If you were brought up a Roman Catholic or if you knew someone who was or is, chances you have heard of this day as being a unique, if not a curious part of the Advent season.
It is still quite a remarkable claim, and it remains one of the lesser understood but influential doctrines of faith that still exists today. For example, some treat Mary as the Queen of Heaven, (The Angelus and Hail Holy Queen, etc.) while others regard her as the prototype for all women and especially the ideals of motherhood. Others within Christianity simply and respectfully acknowledge her as the young mother who, at first doubted her selection, then accepted her special connection to God and Jesus and her central role in the essential theme of the season: The Christ birth event. I will try to explain this belief, unpack its meaning, test its accuracy from a religiously inclusive perspective, and then present some startling, and dissenting conclusions.

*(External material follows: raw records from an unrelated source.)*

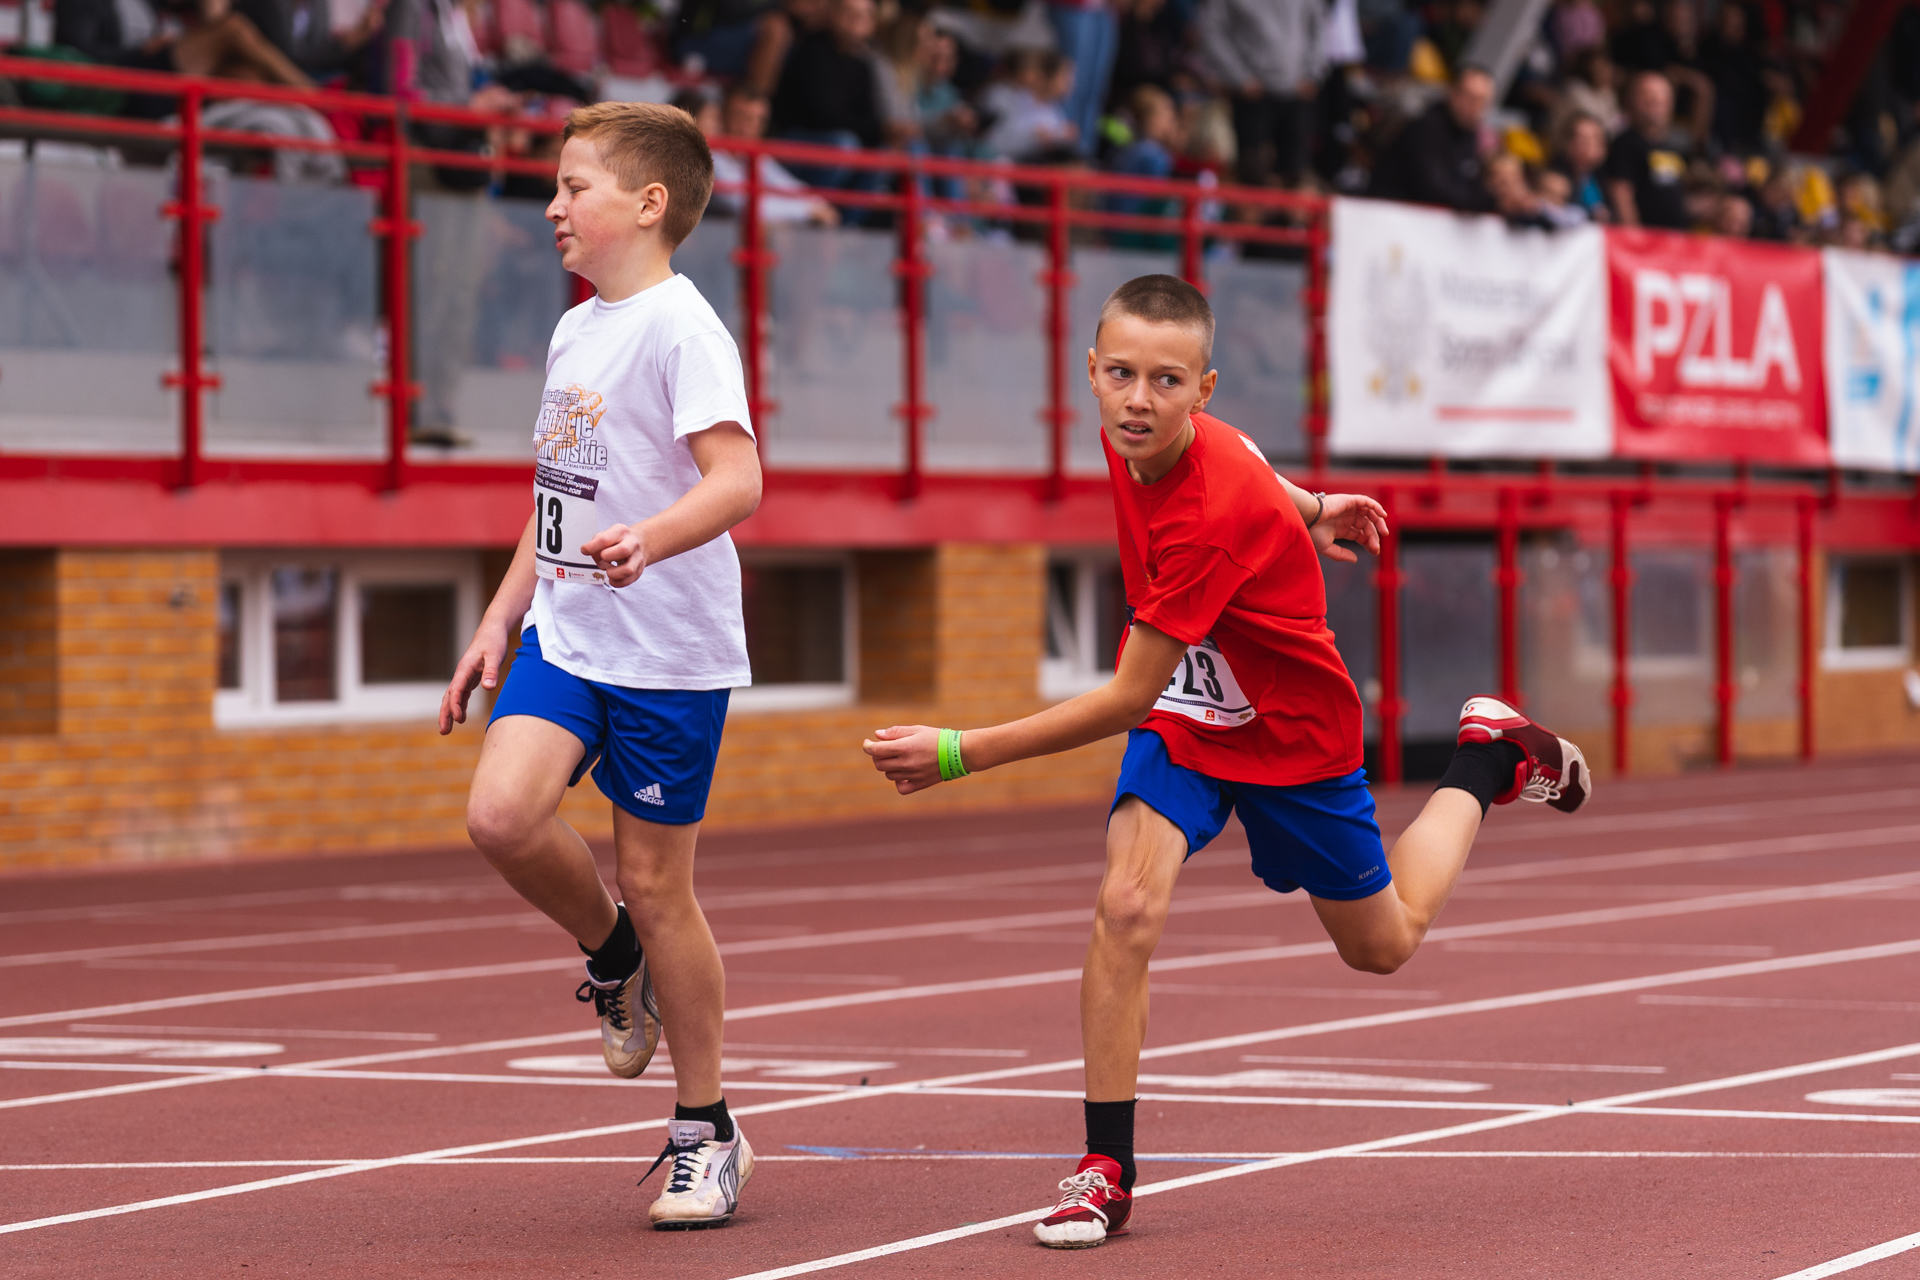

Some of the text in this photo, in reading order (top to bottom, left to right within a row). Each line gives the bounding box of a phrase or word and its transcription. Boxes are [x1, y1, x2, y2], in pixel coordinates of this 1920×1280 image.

[1632, 268, 1801, 393] PZLA
[537, 492, 562, 554] 13
[1164, 651, 1224, 702] 23
[634, 791, 665, 806] adidas
[1358, 865, 1380, 880] KIPSTA

The recognition of Mary’s special status within Christianity evolved gradually. It was not until her nature and being was declared unique that the larger impact was to affect our society. The proclamation of a binding, official doctrine for The Immaculate Conception became Roman church law in the year 1854, when Pope Pius IX issued a papal Bull… ((Historically, popes have always been known for their bull -I could not resist this pun!)

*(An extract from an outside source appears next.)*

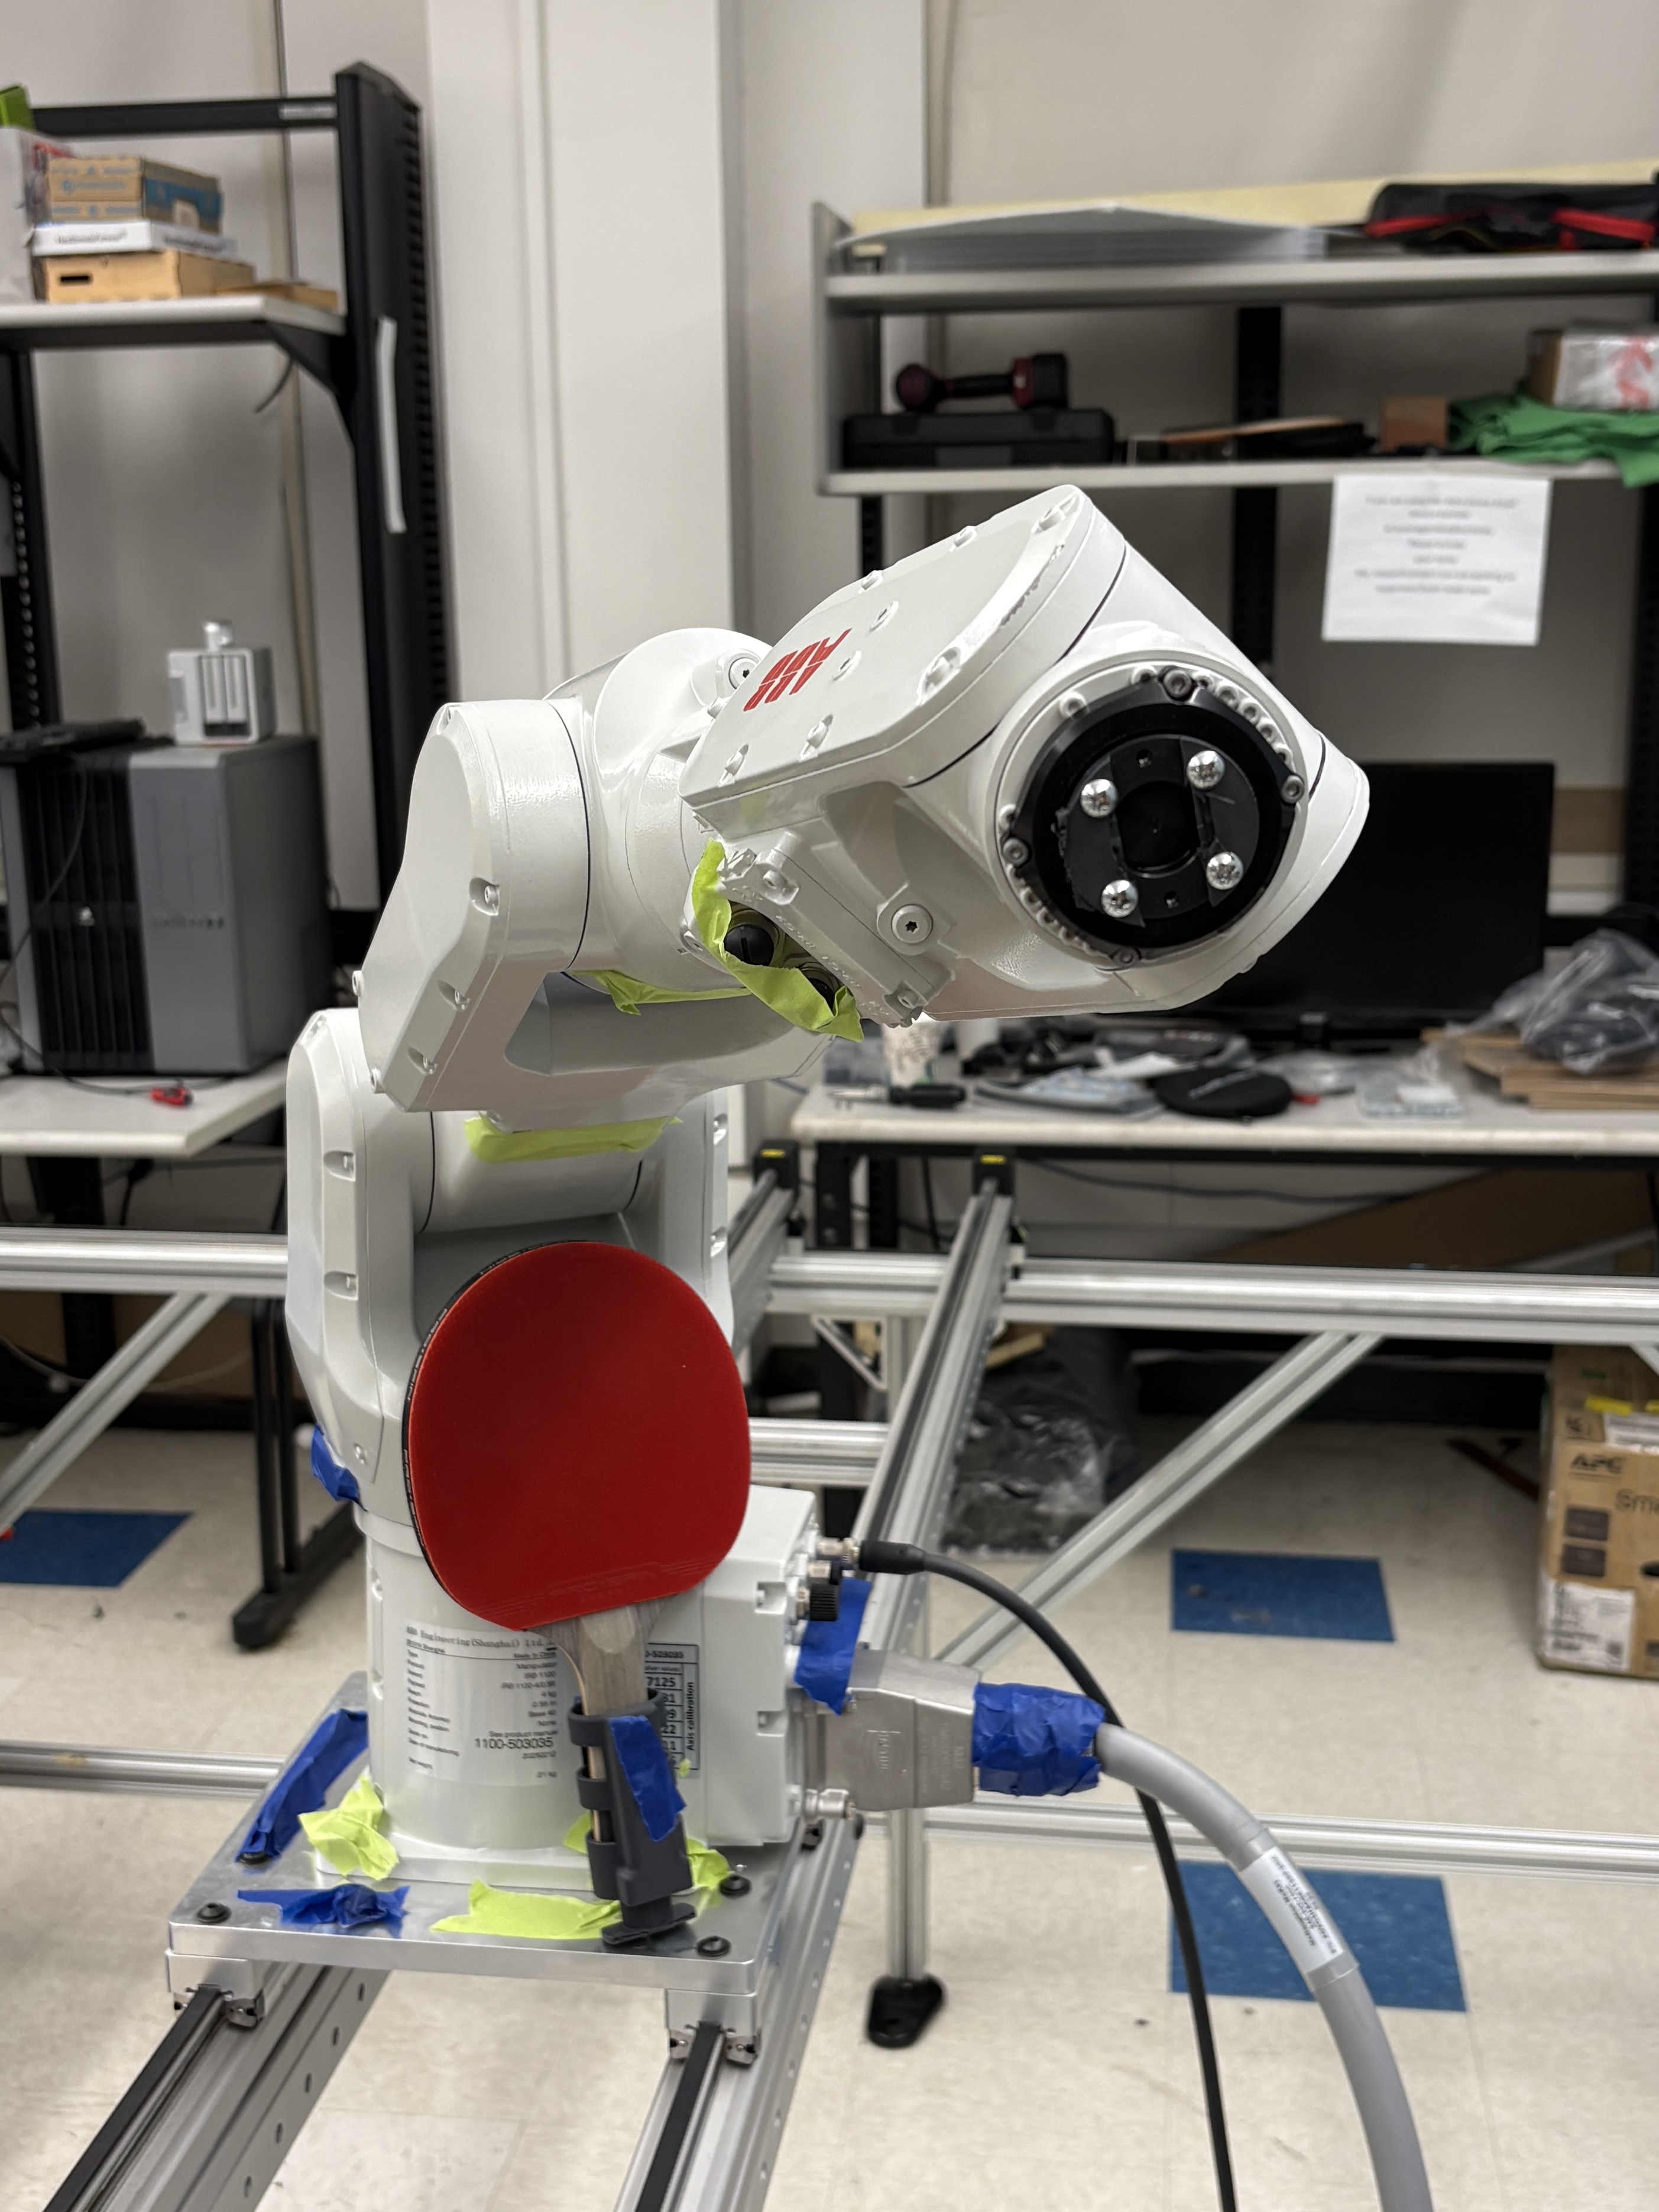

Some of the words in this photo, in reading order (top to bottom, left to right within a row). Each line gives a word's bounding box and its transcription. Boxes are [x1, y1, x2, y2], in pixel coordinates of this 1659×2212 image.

A Bull is an edict that carries with it the necessity of universal agreement or acceptance. It becomes a foundational belief, an indisputable article of faith. This edict declared that “The Blessed Virgin Mary, was conceived in a particular moment of grace, and preserved immune from every stain of original guilt [or original sin].” I contend that such a pious and unnatural statement served to reinforce prevailing Victorian attitudes and contradictions towards women, and it was a strong contributor to the negative Freudian view of women in society. This is the famous Mary vs. Eve and the Whore/Madonna beliefs…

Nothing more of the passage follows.